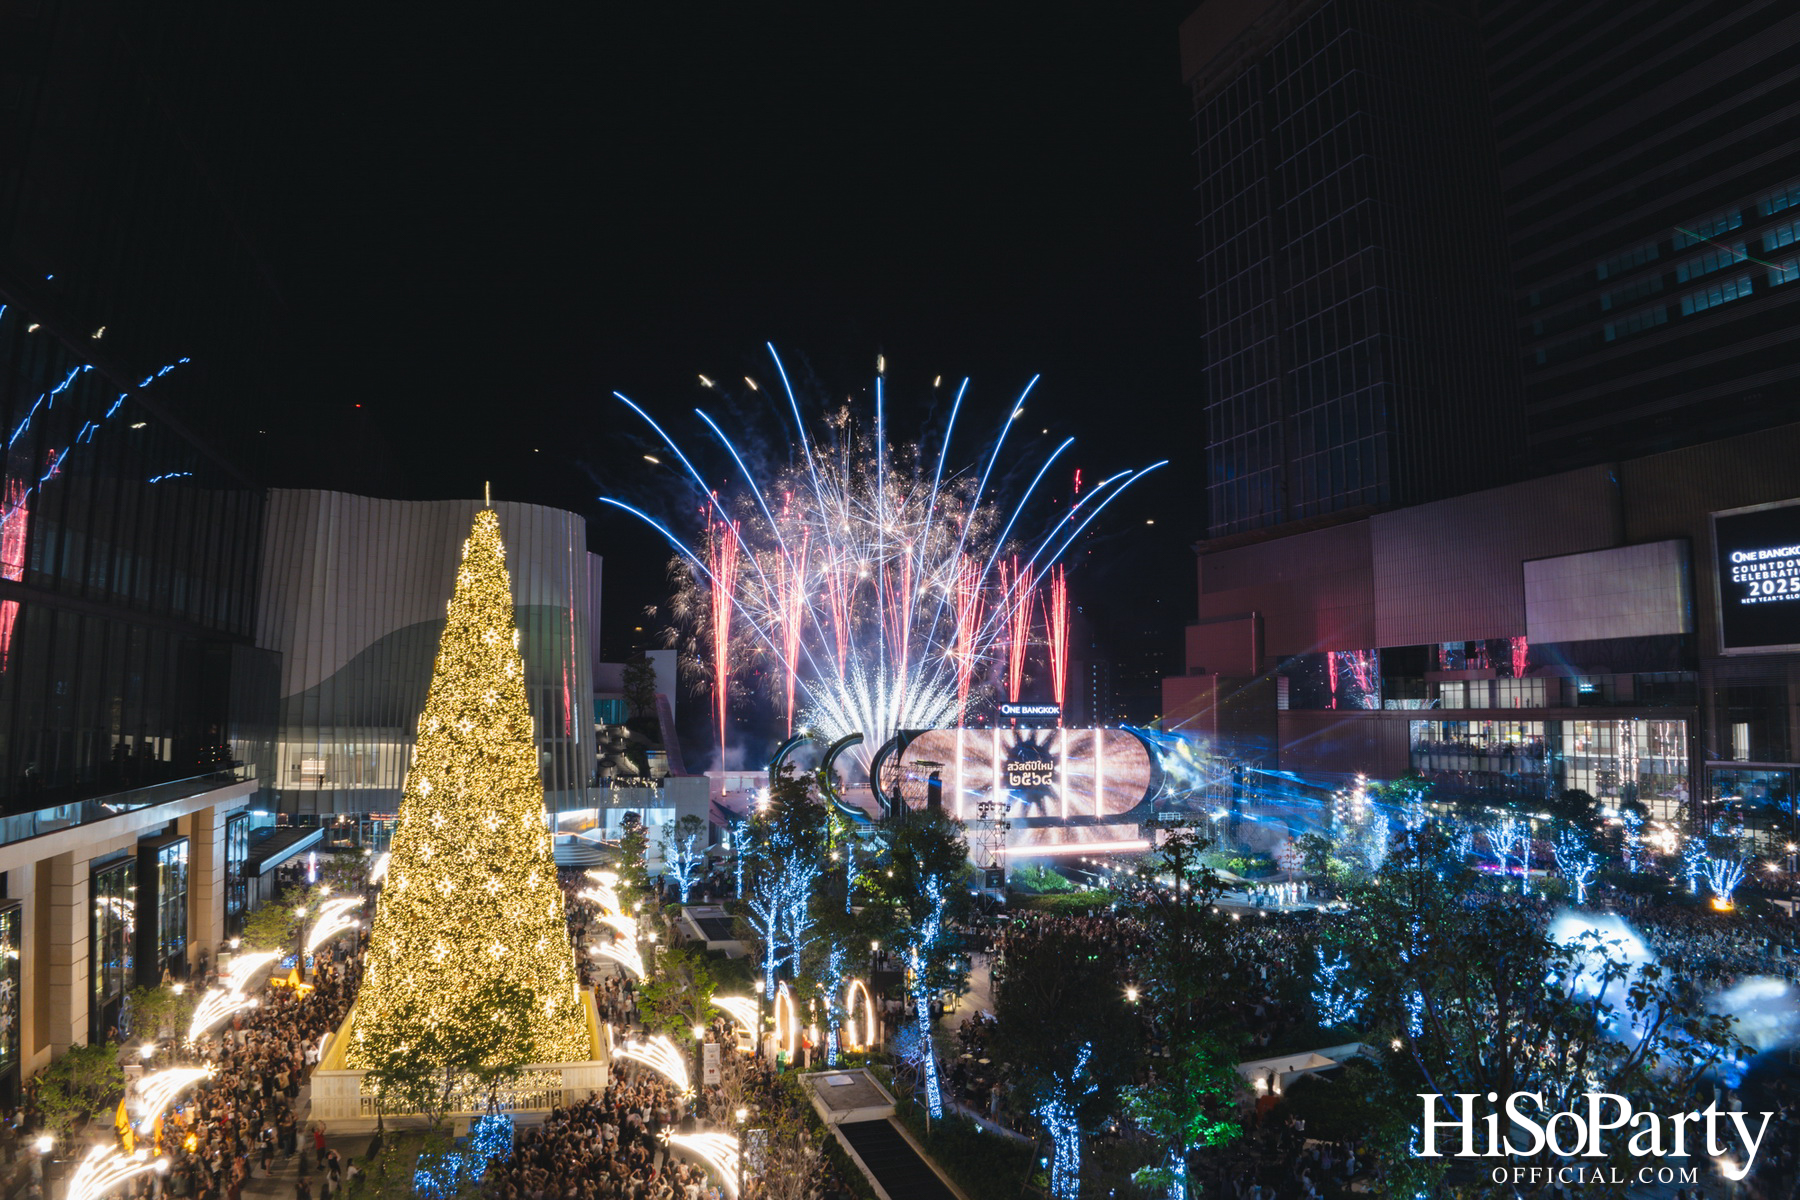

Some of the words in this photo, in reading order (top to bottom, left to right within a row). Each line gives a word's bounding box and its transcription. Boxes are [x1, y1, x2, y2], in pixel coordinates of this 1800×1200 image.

[1731, 551, 1758, 563] ONE
[1733, 568, 1800, 582] CELEBRATI
[1749, 577, 1800, 596] 2025
[1001, 704, 1021, 714] ONE
[1021, 706, 1060, 714] BANGKOK
[1007, 760, 1054, 772] สวัสดีปีใหม่
[1009, 772, 1053, 786] ๒๕๖๘
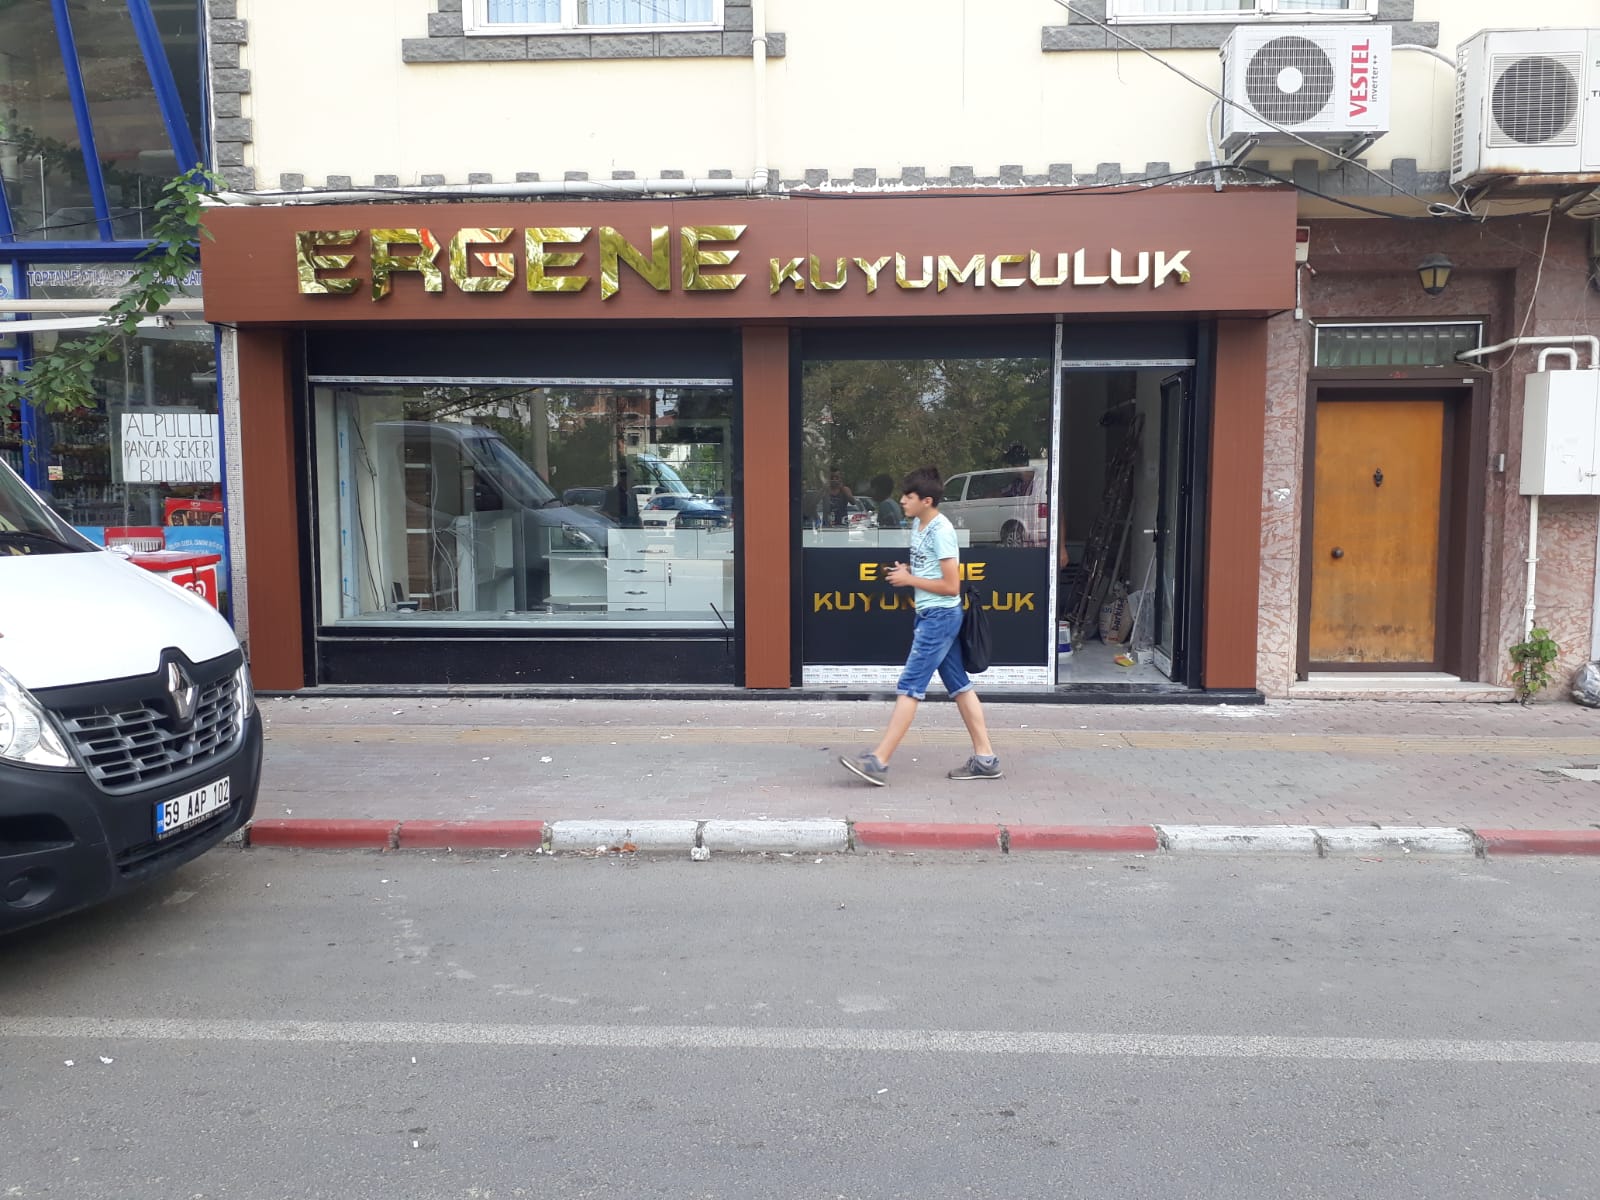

Work instructions –
Excluding the pictures, reproduce every entry exactly as given.

Output of the exercise –
Some of the words in this photo, in reading order (top to bottom, left to right within a row). Each line gives a word's bounding box and its transcription. Boxes are [x1, y1, x2, y2], in pixel coordinates of this 1800×1200 image.

[1731, 551, 1758, 563] ONE
[1733, 568, 1800, 582] CELEBRATI
[1749, 577, 1800, 596] 2025
[1001, 704, 1021, 714] ONE
[1021, 706, 1060, 714] BANGKOK
[1007, 760, 1054, 772] สวัสดีปีใหม่
[1009, 772, 1053, 786] ๒๕๖๘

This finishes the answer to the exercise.